When news broke of Manafort’s resignation, Lewandowski retweeted a tweet from journalist Sasha Issenberg, who wrote, “Lewandowski is winning so much even he may get tired of winning.” The message represented a play on one of Trump’s favorite phrases on the stump and a subtle nod at the internal discord between Lewandowski and Manafort on the campaign before Lewandowski’s firing in June.
“I thought it was, you know, pretty appropriate,” Lewandowski said in a telephone interview on CNN, where he is a political contributor.
CNN’s Kate Bolduan interjected, “How did you win on this one, Corey?”
“Well I didn’t win, but I thought it was funny. Because you know it is, is people think I won,” Lewandowski remarked.” I had nothing to do with this. This was about Donald Trump. He’s running for president.
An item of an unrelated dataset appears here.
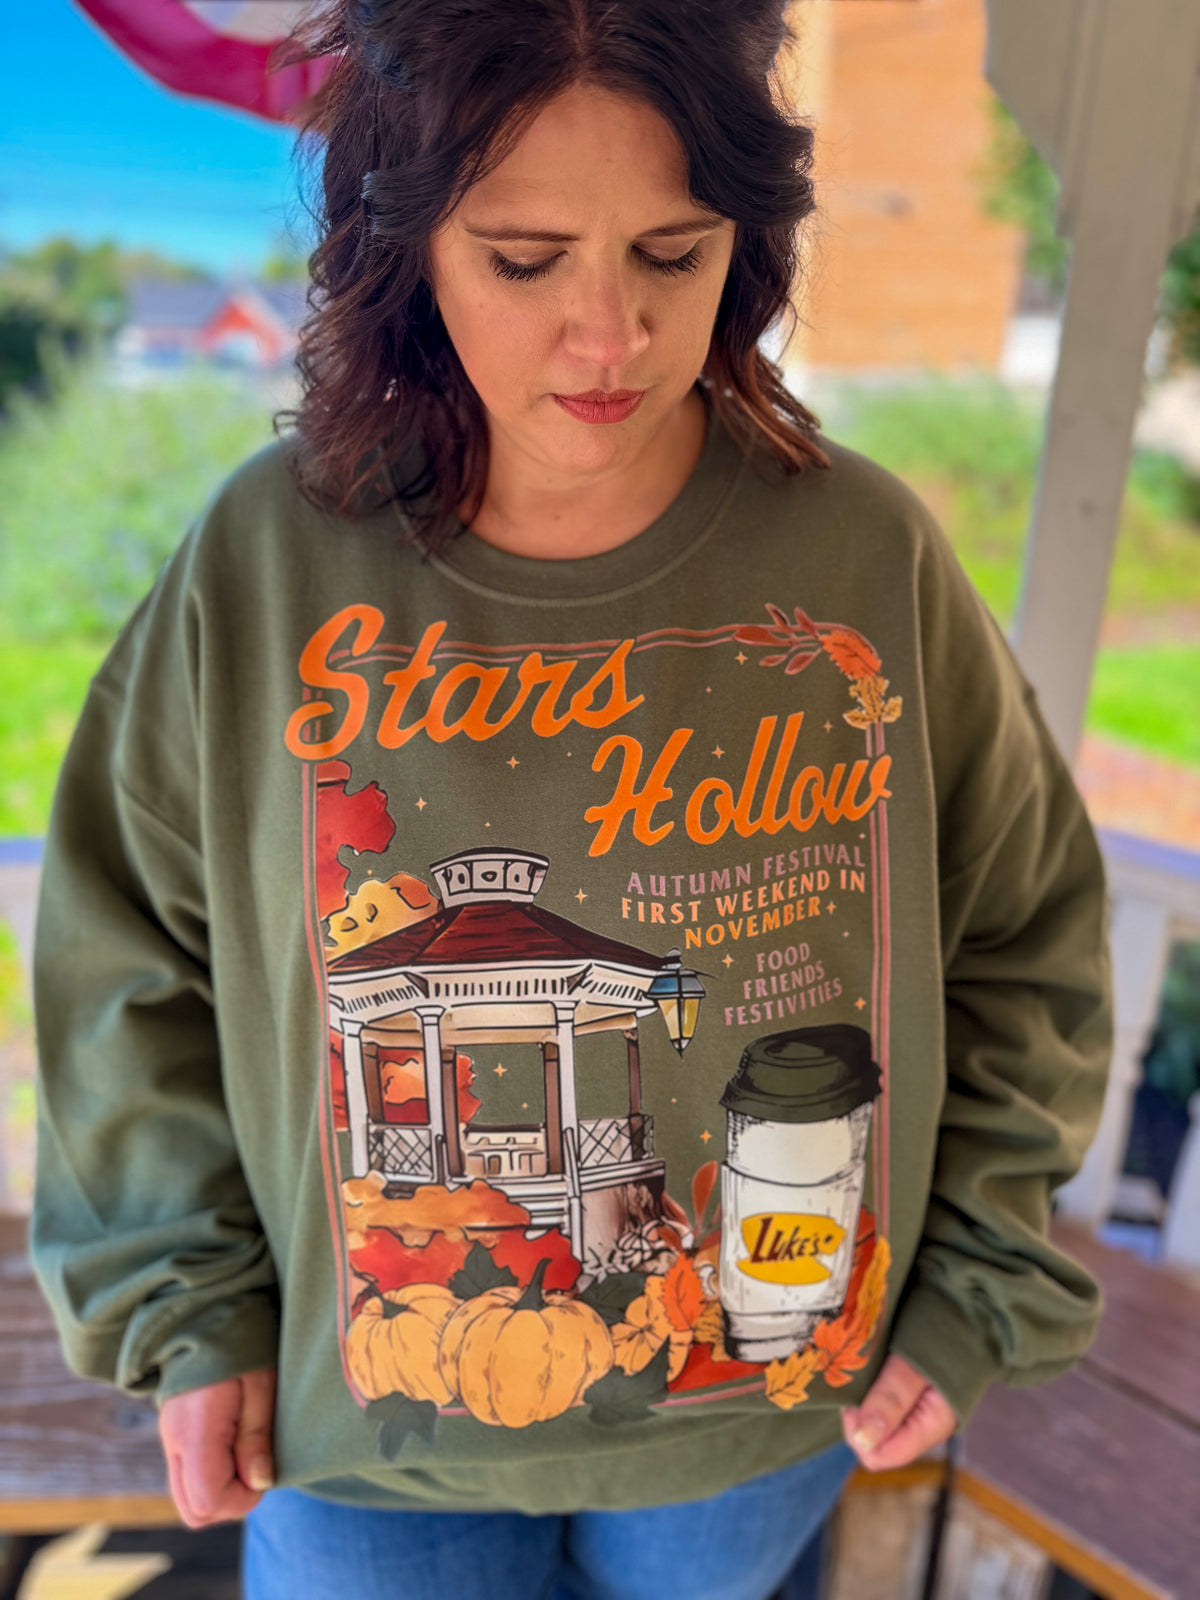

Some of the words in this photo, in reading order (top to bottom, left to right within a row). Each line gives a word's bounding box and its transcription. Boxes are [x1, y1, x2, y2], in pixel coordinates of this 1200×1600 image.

This is about what is best for Donald Trump, what is best for the American people, and what is best to lay out his case that Hillary Clinton is not prepared to be president of the United States. This is the step that the campaign has taken to continue to demonstrate how serious they are that it is moving forward and that it is ready for the next 81 days.”
I’m sure little Lewandowski did, indeed, find it funny. He probably also took it as a bit of vindication: Manafort muscled him out, only to find that even with all his years in dealing with shady Russian figures, even he wasn’t prepared to rein in the unhinged lunacy of Donald Trump.
“I think what you have clearly here is Mr. Trump has said this and he’s been very clear about it. He did not like the direction the campaign was going. If that was the indication of polling data in key battlegrounds states, he wasn’t pleased with that,” Lewandowski continued. “And so what you have now is someone with [new campaign CEO] Steve Bannon and [campaign manager] Kellyanne Conway, who’s bringing in a different perspective, an outsider’s perspective, who’s saying, you know what, let’s get back to what brought Donald Trump here, which is allowing him to be authentic, to allow him to go back and do the things he wants to do to be successful, that has gotten him to the point of where he is today, which is the Republican nomination. And now you’re going to grow that base and you’re going to grow and you’re going to bring more people in. I think, you know, it doesn’t matter, staff stories shouldn’t matter, but what you have is a realignment of Donald Trump and the direction of the campaign which, most importantly, is what the candidate wants.”
In other words, Trump is signaling his desire to go full nutjob on the campaign trail, by employing someone as nasty and unhinged as Bannon, along with a few new clingers.
Lewandowski went on to point out John Kerry’s late-in-the-game campaign shakeup in 2004, as an example that changes in campaign staff aren’t that unusual.
And Kerry lost.
In his final words, Kerry offered:
“I wish him the absolute very best and he is a true professional, and I know how thankful I was to be able to work next to him as he worked to secure the delegates needed and to execute a convention,” Lewandowski said.
Considering what was done to the conservative movement in Cleveland, “execute” is an interesting choice of words.